In pen and paper, at least, this approach is generally non-functional because it eventually winds up being a GM fiat as to whether you get your Uber Spell off or not--your players will figure some way to make it so they can't be interrupted. And then they will get pissed off when you nevertheless find some excuse to interrupt them sometimes. Which will lead to an escalating spiral of quarreling over whether that sleeping guard behind the plexiglass shield could conceivably have heard someone making a chalk drawing . . .
In short, this is usually not an optimal mechanical approach. In a video game, it will have the same effect: the mage annihilates things at extreme range and is fantastically overpowered because the game designer thought that allowing them to (in theory) be interrupted was a "balancing" factor of some kind. The spells themselves need to be balanced, not just the hoops you have to jump through to get them to work. Because when the caster figures out how to minimize the hoops (and they WILL), all you're left with is a pile of horribly OP spells.
Addendum: however, you can get around this problem by having a flat, unalterable, percentage chance that the spell simply Does Not Work. If you start handing out gear/abilities/checks that can alter the percentage, it becomes a major tuning issue, but it can be done.
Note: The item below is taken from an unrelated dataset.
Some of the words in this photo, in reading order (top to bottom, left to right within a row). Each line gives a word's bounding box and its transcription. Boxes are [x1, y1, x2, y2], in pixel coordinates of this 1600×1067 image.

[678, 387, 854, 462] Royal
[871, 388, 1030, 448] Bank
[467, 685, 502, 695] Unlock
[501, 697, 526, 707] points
Additional addendum: btw the absolutely worst implementation of this I have ever seen, ever, is in Exalted, where people using sorcery to cast spells "drop out of the initiative order" while they're casting the spell. We could NOT figure out what this was supposed to mean, it was HORRIBLE. Does that mean that while they're casting, they can't defend themselves? Does their dodge DV drop to zero? Or just their parry DV? Does that mean that the spell is automatically interrupted if ANYONE makes ANY attack on them that gets at least one success? How do you determine when the spell goes off and they drop back INTO the initiative order? It was the dumbest mechanic I'd ever seen. Instead of this folderol about dropping out of initiative, why not just DESCRIBE WHAT THE MECHANICAL EFFECT IS, i.e. they're "flat footed" and it takes X actions to cast? STUPIDITY.
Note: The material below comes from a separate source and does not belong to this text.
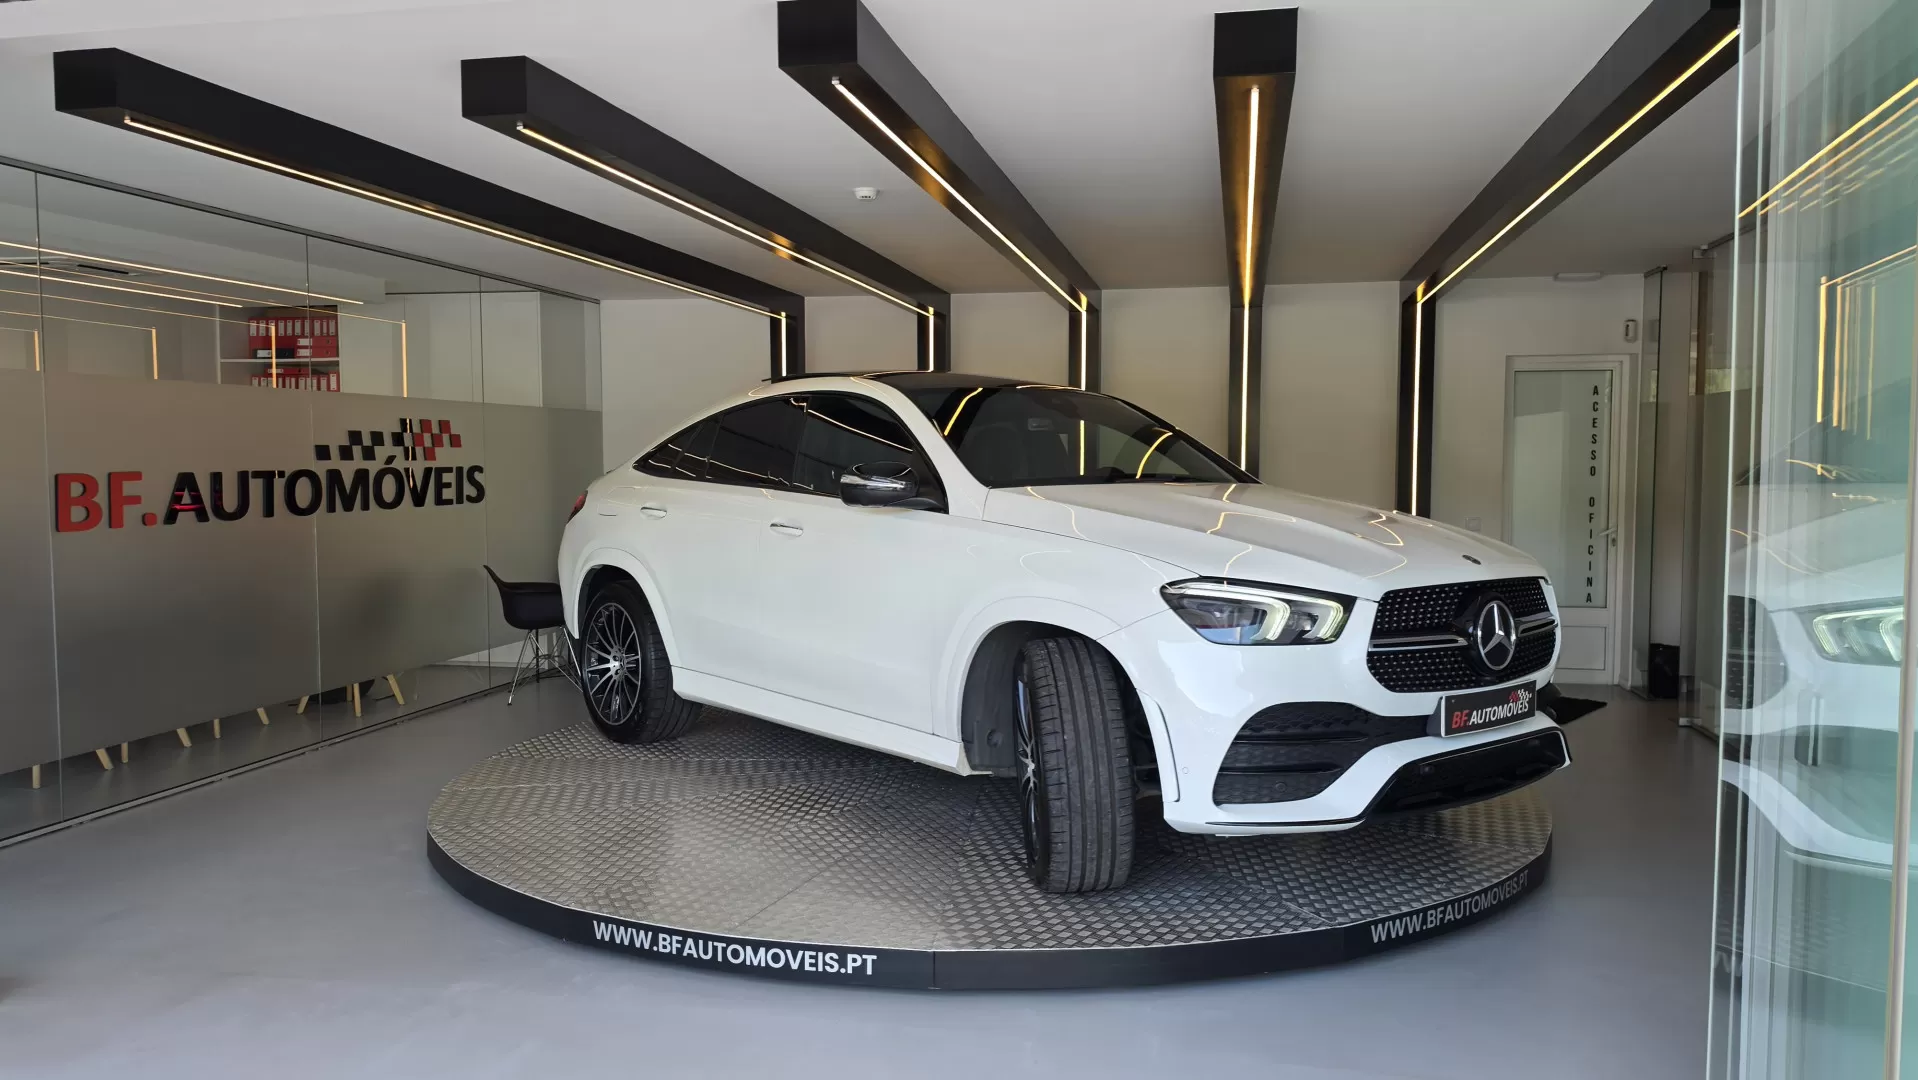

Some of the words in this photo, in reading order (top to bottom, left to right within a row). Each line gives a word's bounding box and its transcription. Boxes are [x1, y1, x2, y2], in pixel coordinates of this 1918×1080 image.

Cooldown meters work well from a gameplay balance perspective, but it makes little sense that it takes my character the same (usually instant) amount of time to cast "flare" and "super killer fireball of armageddon". Though I suppose this mostly relates to the deeper problem of RPGs getting more and more fast paced and action oriented, which I won't get into here.
It takes the same amount of time to pull the trigger on a bb gun and a rocket launcher. Why does it "make sense" that it requires a lot more waving and shouting to cast a bigger spell? In some magic systems, the task you are doing is exactly the same: grabbing some power, shaping it, and hucking it.
And why is this a "problem?" If people really genuinely liked turn-based, then the games would still be turn-based. As it is, some are, some aren't. Options for everyone.